> _About this exercise_:
Repeat the records below exactly as they appear, leaving out any pictures.

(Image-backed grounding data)
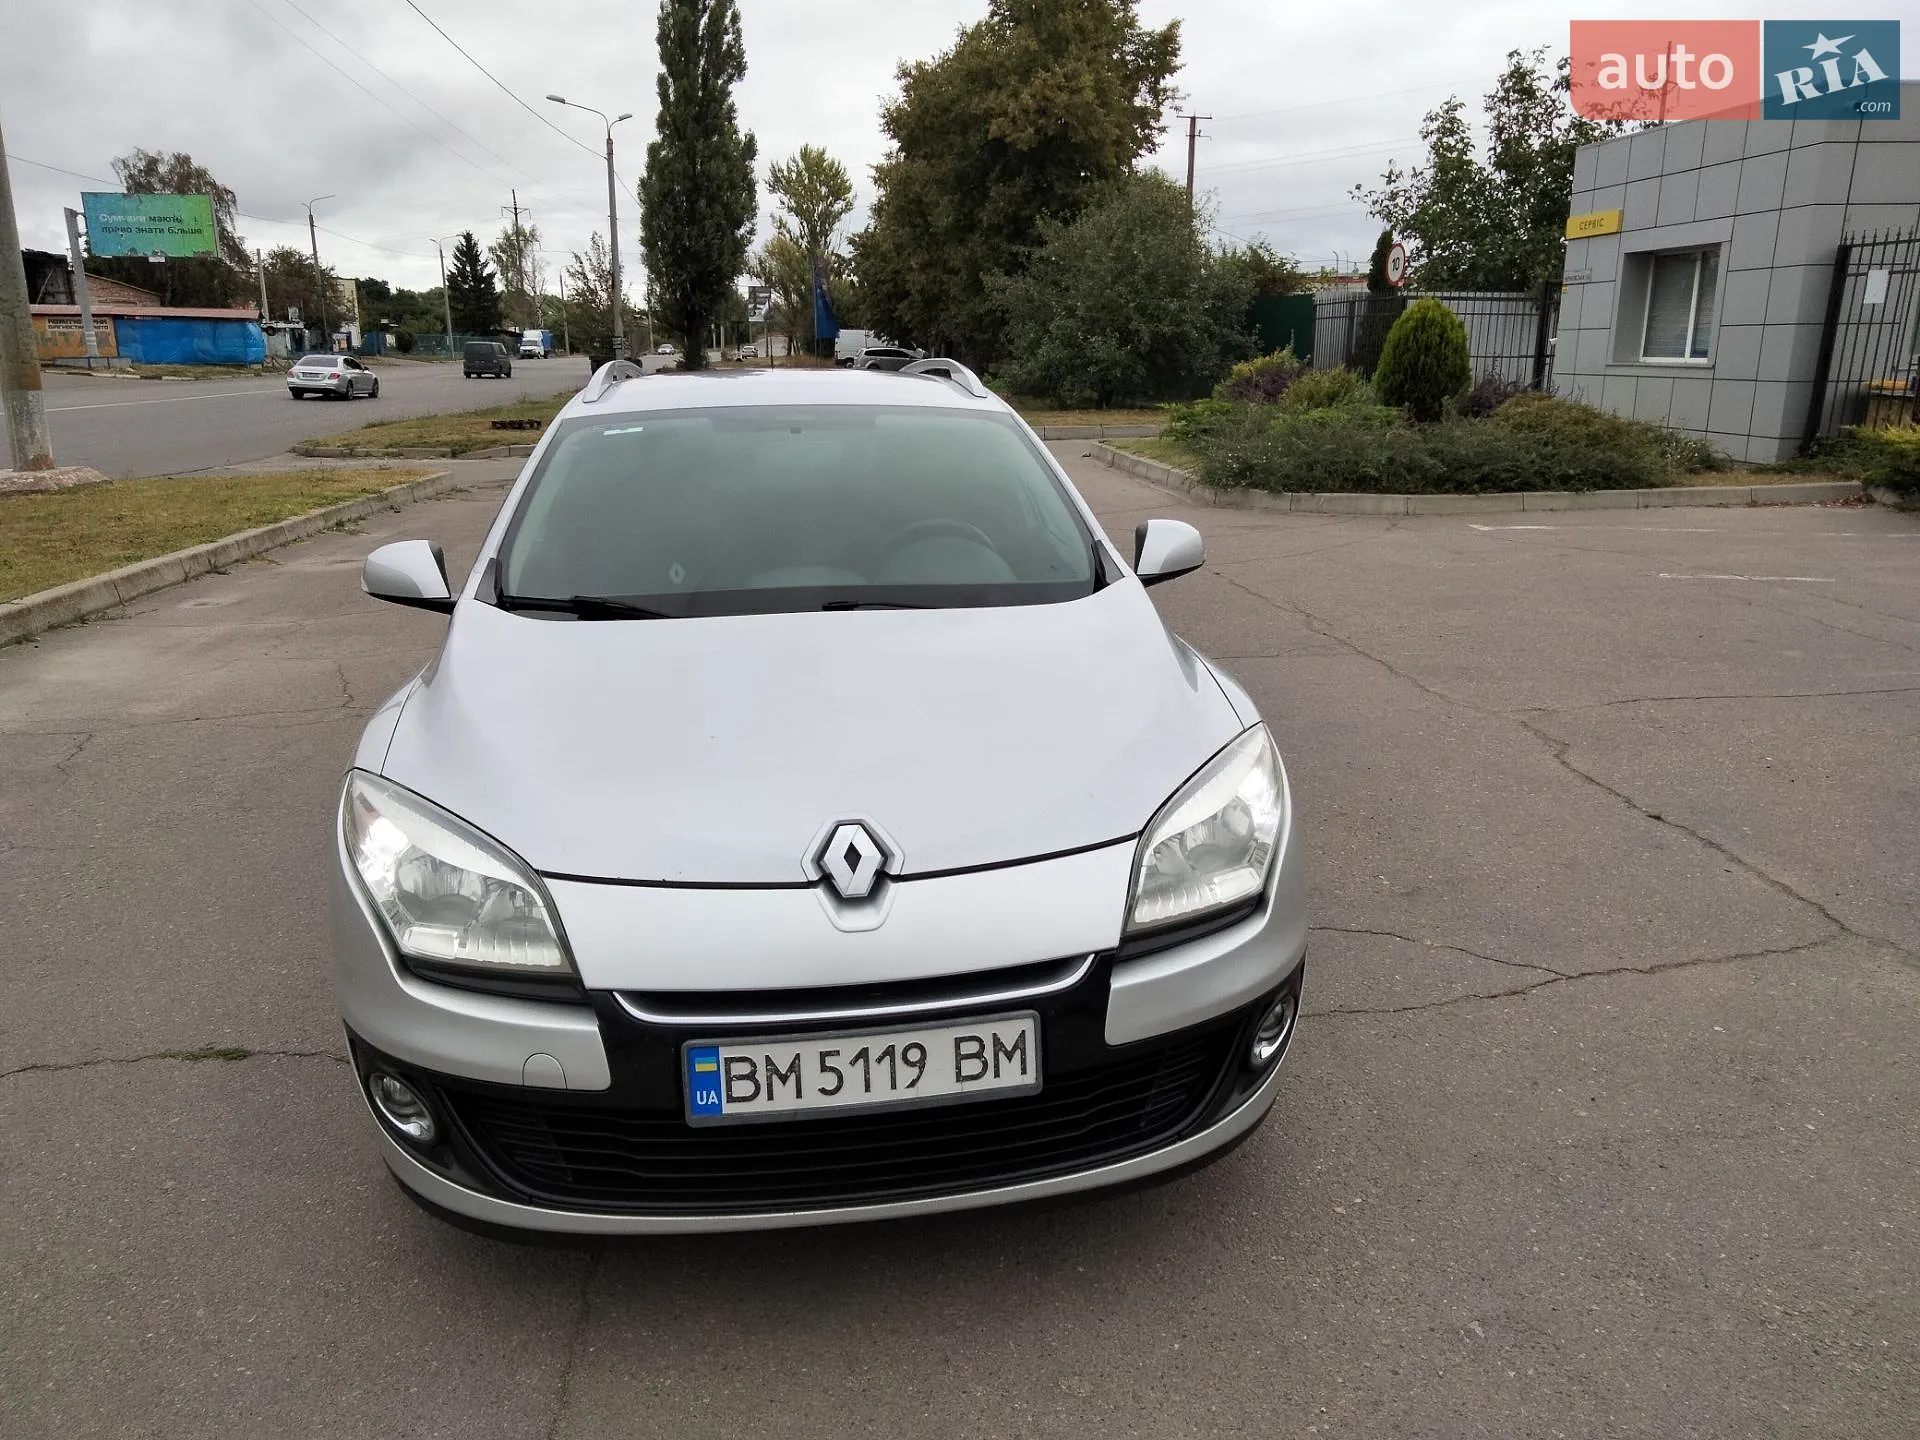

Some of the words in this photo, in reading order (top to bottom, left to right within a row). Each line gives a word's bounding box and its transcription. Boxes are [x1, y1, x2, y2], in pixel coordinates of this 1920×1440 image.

[135, 226, 166, 235] знати
[1391, 256, 1400, 272] 10
[723, 1052, 803, 1104] BM
[817, 1041, 928, 1096] 5119
[953, 1029, 1028, 1084] BM
[696, 1090, 719, 1106] UA
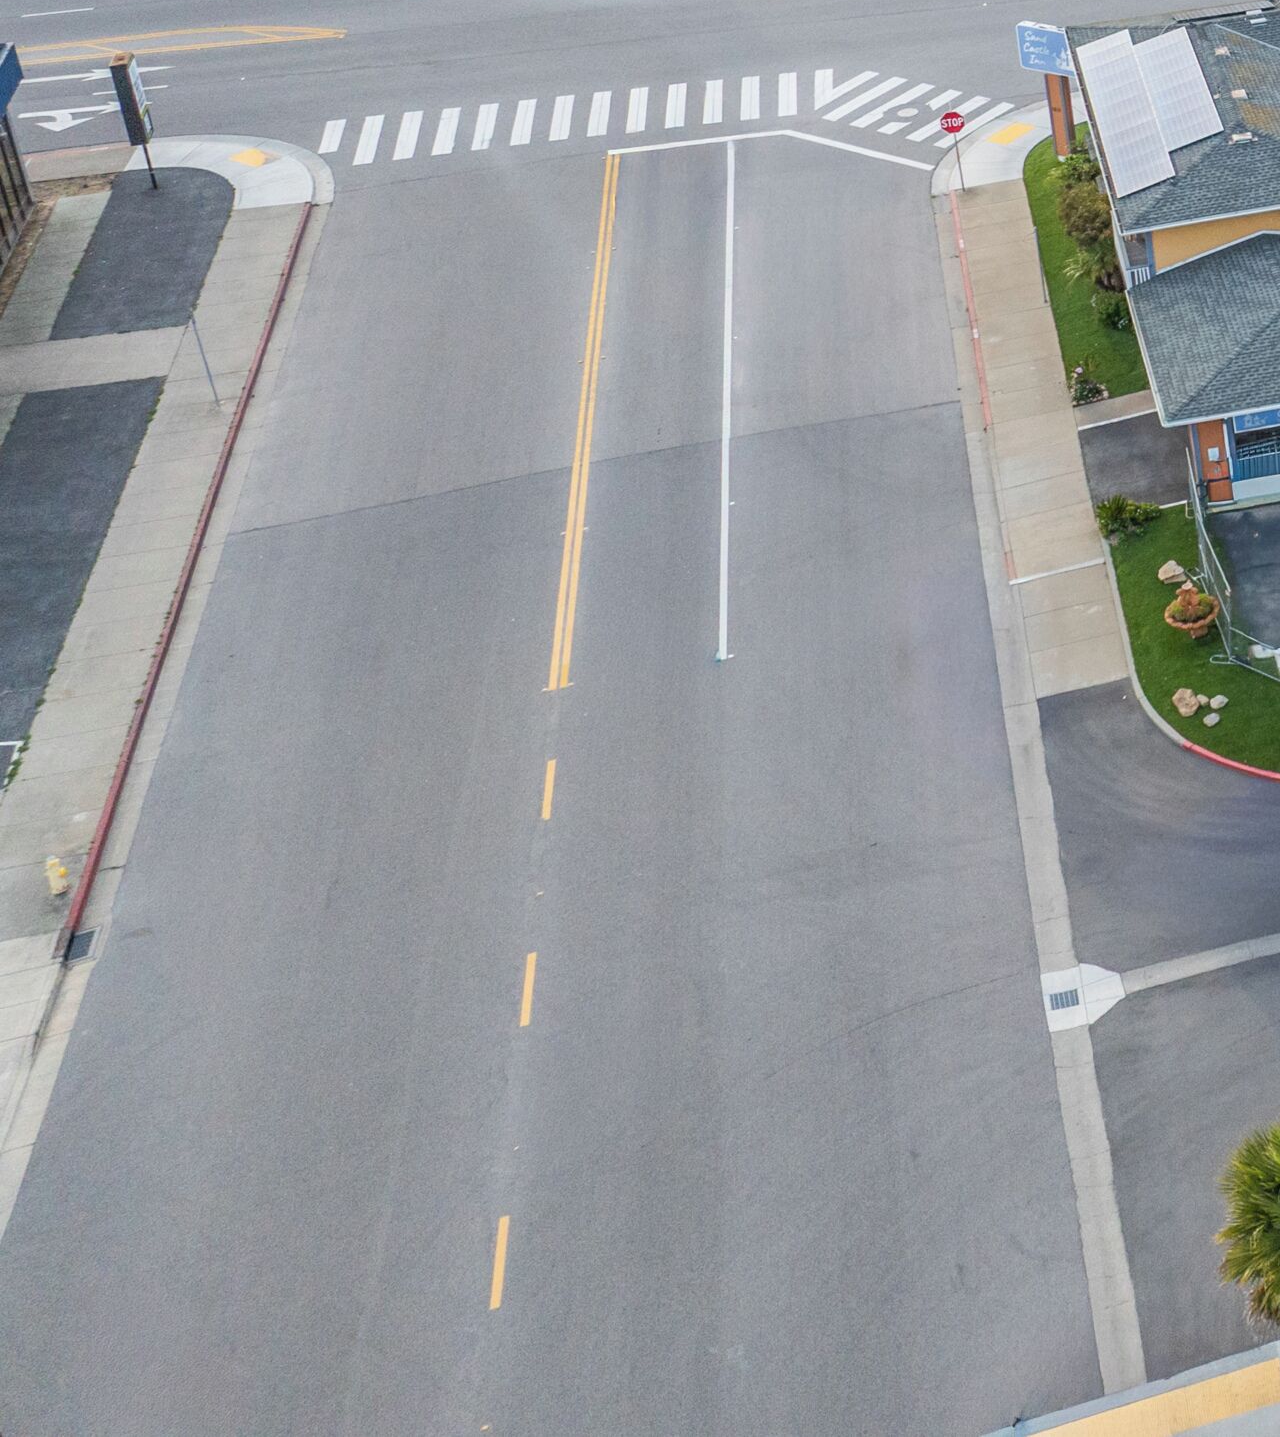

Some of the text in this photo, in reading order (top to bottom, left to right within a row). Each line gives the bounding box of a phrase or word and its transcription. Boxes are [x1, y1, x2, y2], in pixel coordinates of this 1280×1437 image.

[1024, 30, 1047, 44] Sand
[1023, 43, 1050, 55] Castle
[1029, 54, 1046, 66] Inn
[941, 117, 963, 129] STOP
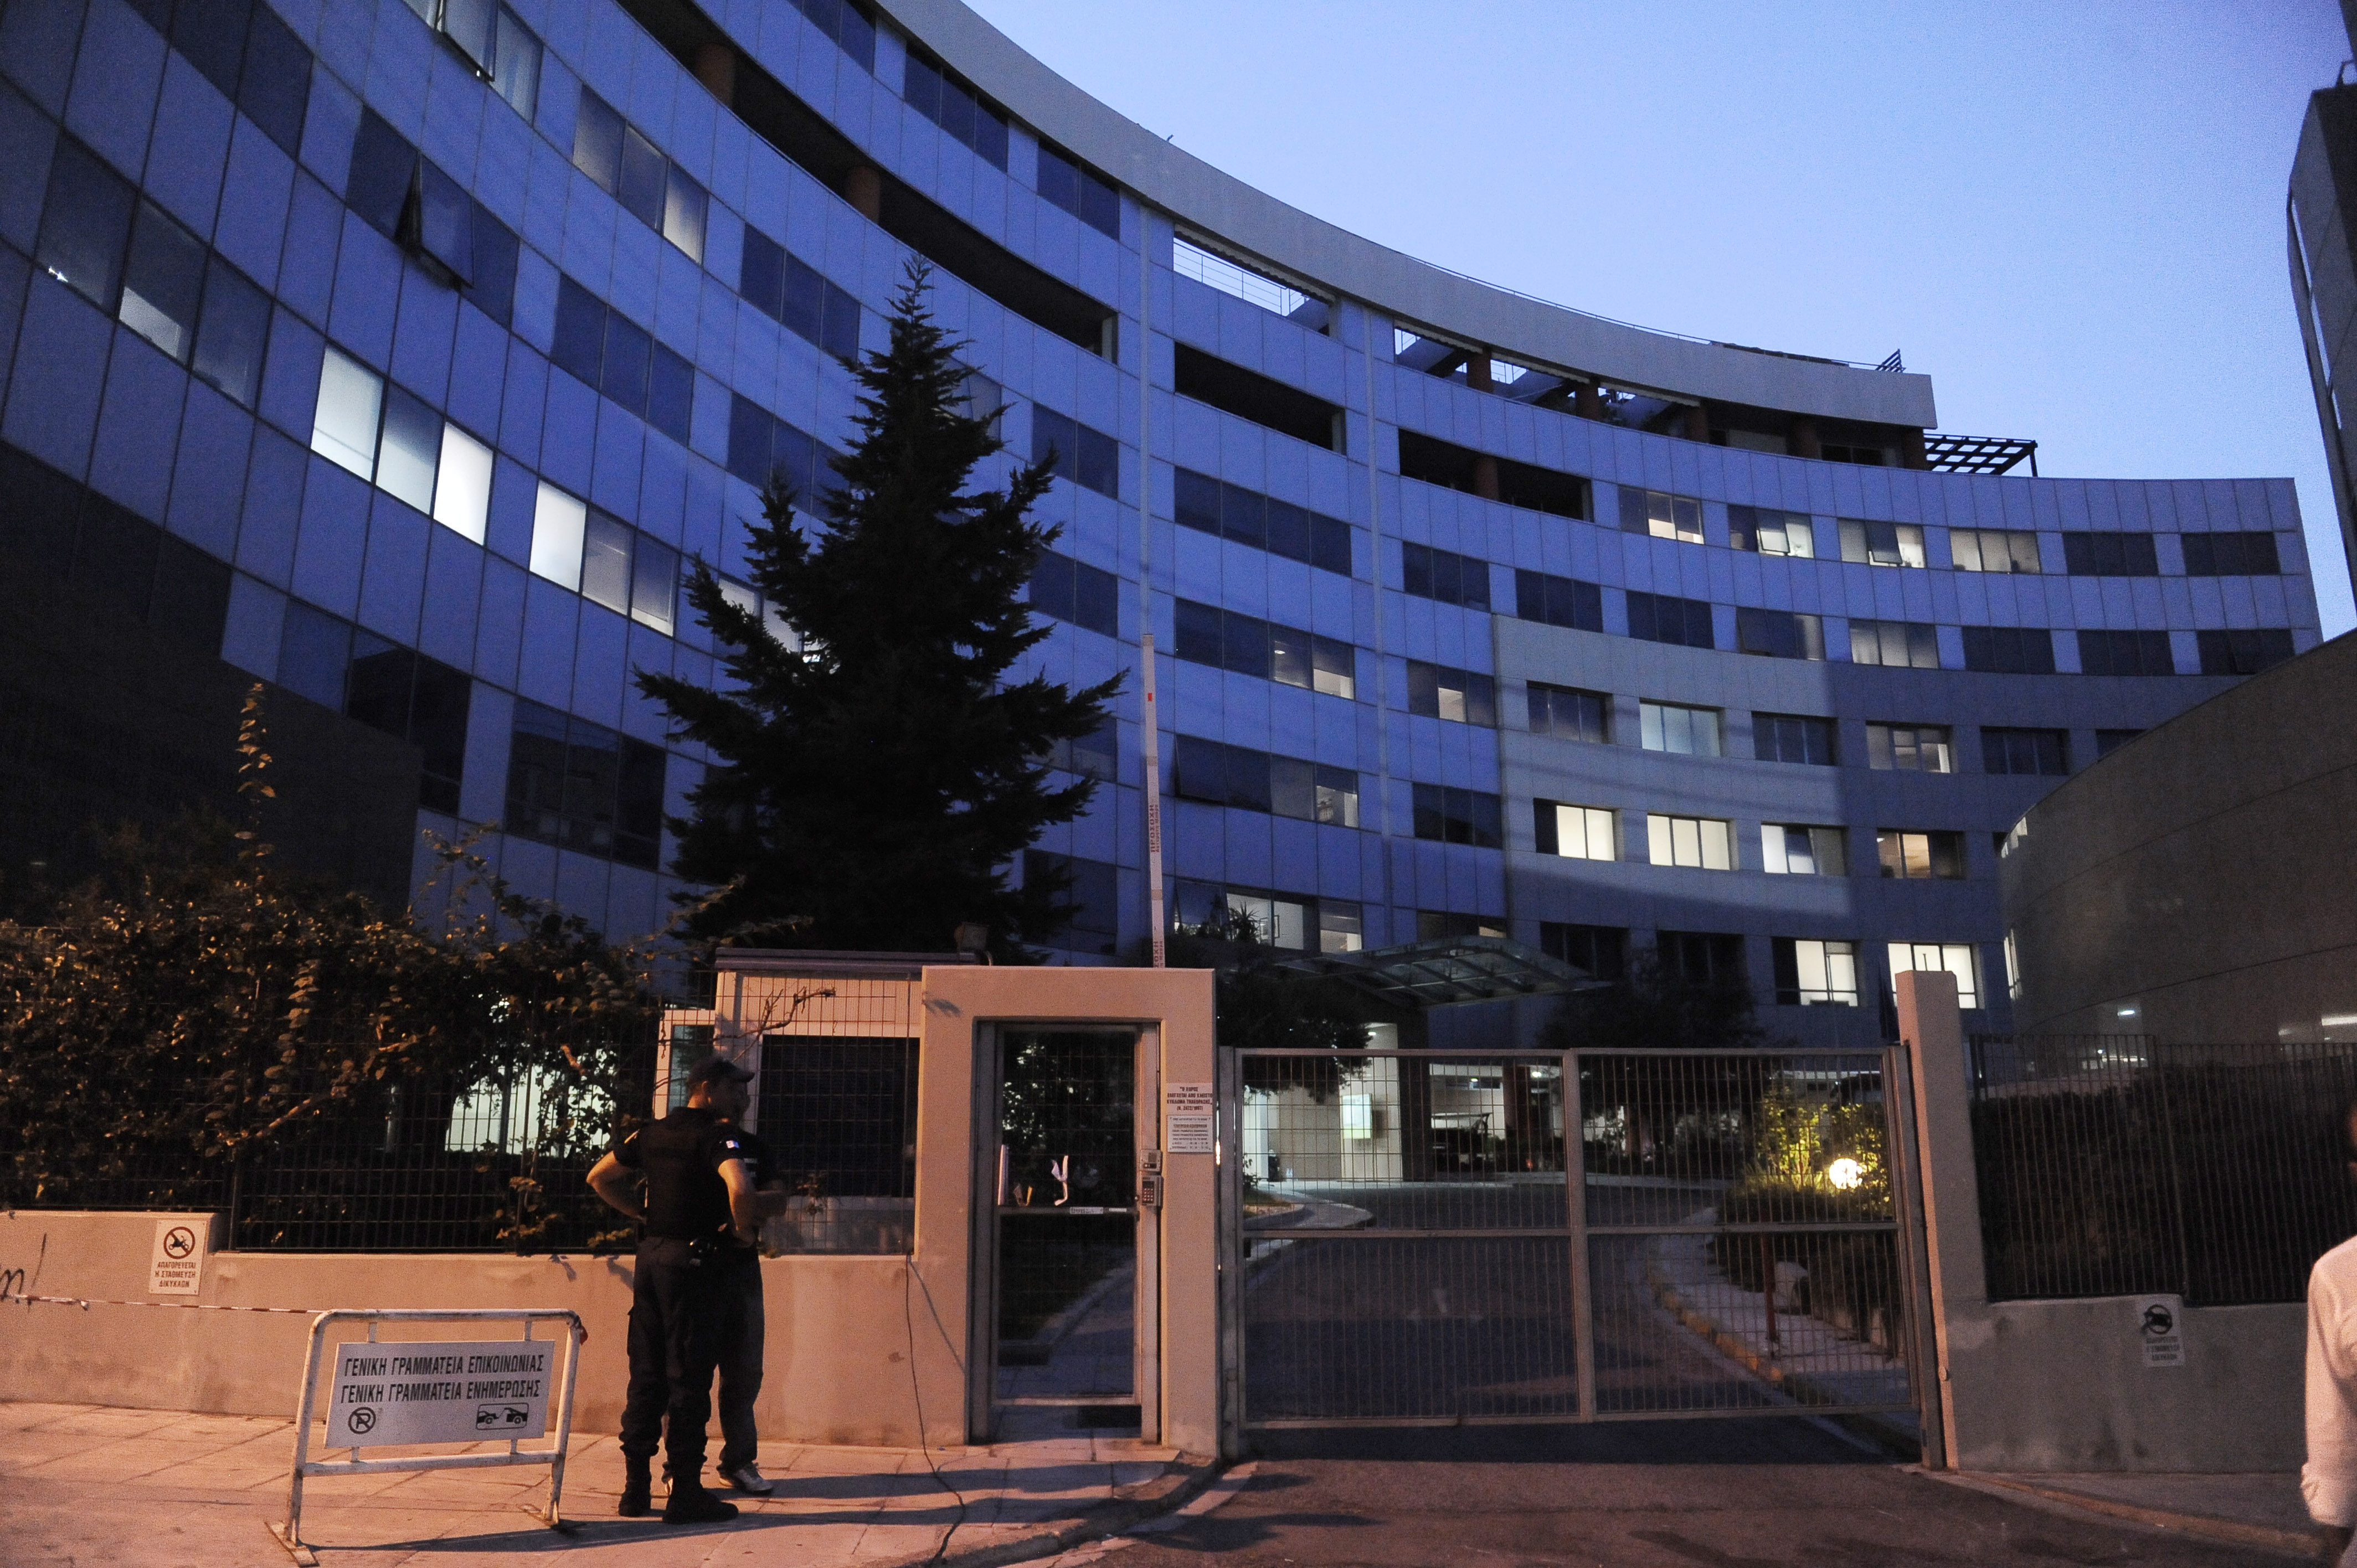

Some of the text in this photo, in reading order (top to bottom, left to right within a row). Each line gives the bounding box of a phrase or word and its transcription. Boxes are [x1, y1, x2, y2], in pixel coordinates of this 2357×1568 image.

[344, 1354, 544, 1376] ΓΕΝΙΚΗ ΓΡΑΜΜΑΤΕΙΑ ΕΠΙΚΟΙΝΩΝΙΑΣ
[341, 1380, 541, 1404] ΓΕΝΙΚΗ ΓΡΑΜΜΑΤΕΙΑ ΕΝΗΜΕΡΩΣΗΣ

> _Solution for this problem_:
Some of the words in this photo, in reading order (top to bottom, left to right within a row). Each line gives a word's bounding box and its transcription. Boxes are [x1, y1, x2, y2], in pixel coordinates of this 1920×1440 image.

[135, 226, 166, 235] знати
[1391, 256, 1400, 272] 10
[723, 1052, 803, 1104] BM
[817, 1041, 928, 1096] 5119
[953, 1029, 1028, 1084] BM
[696, 1090, 719, 1106] UA

Some of the text in this photo, in reading order (top to bottom, left to right within a row). Each line gives the bounding box of a phrase or word and its transcription. Boxes are [x1, y1, x2, y2], in pixel coordinates of this 1280×1437 image.

[1024, 30, 1047, 44] Sand
[1023, 43, 1050, 55] Castle
[1029, 54, 1046, 66] Inn
[941, 117, 963, 129] STOP

Some of the text in this photo, in reading order (top to bottom, left to right within a row). Each line gives the bounding box of a phrase or word and its transcription. Boxes are [x1, y1, x2, y2], in pixel coordinates of this 2357×1568 image.

[344, 1354, 544, 1376] ΓΕΝΙΚΗ ΓΡΑΜΜΑΤΕΙΑ ΕΠΙΚΟΙΝΩΝΙΑΣ
[341, 1380, 541, 1404] ΓΕΝΙΚΗ ΓΡΑΜΜΑΤΕΙΑ ΕΝΗΜΕΡΩΣΗΣ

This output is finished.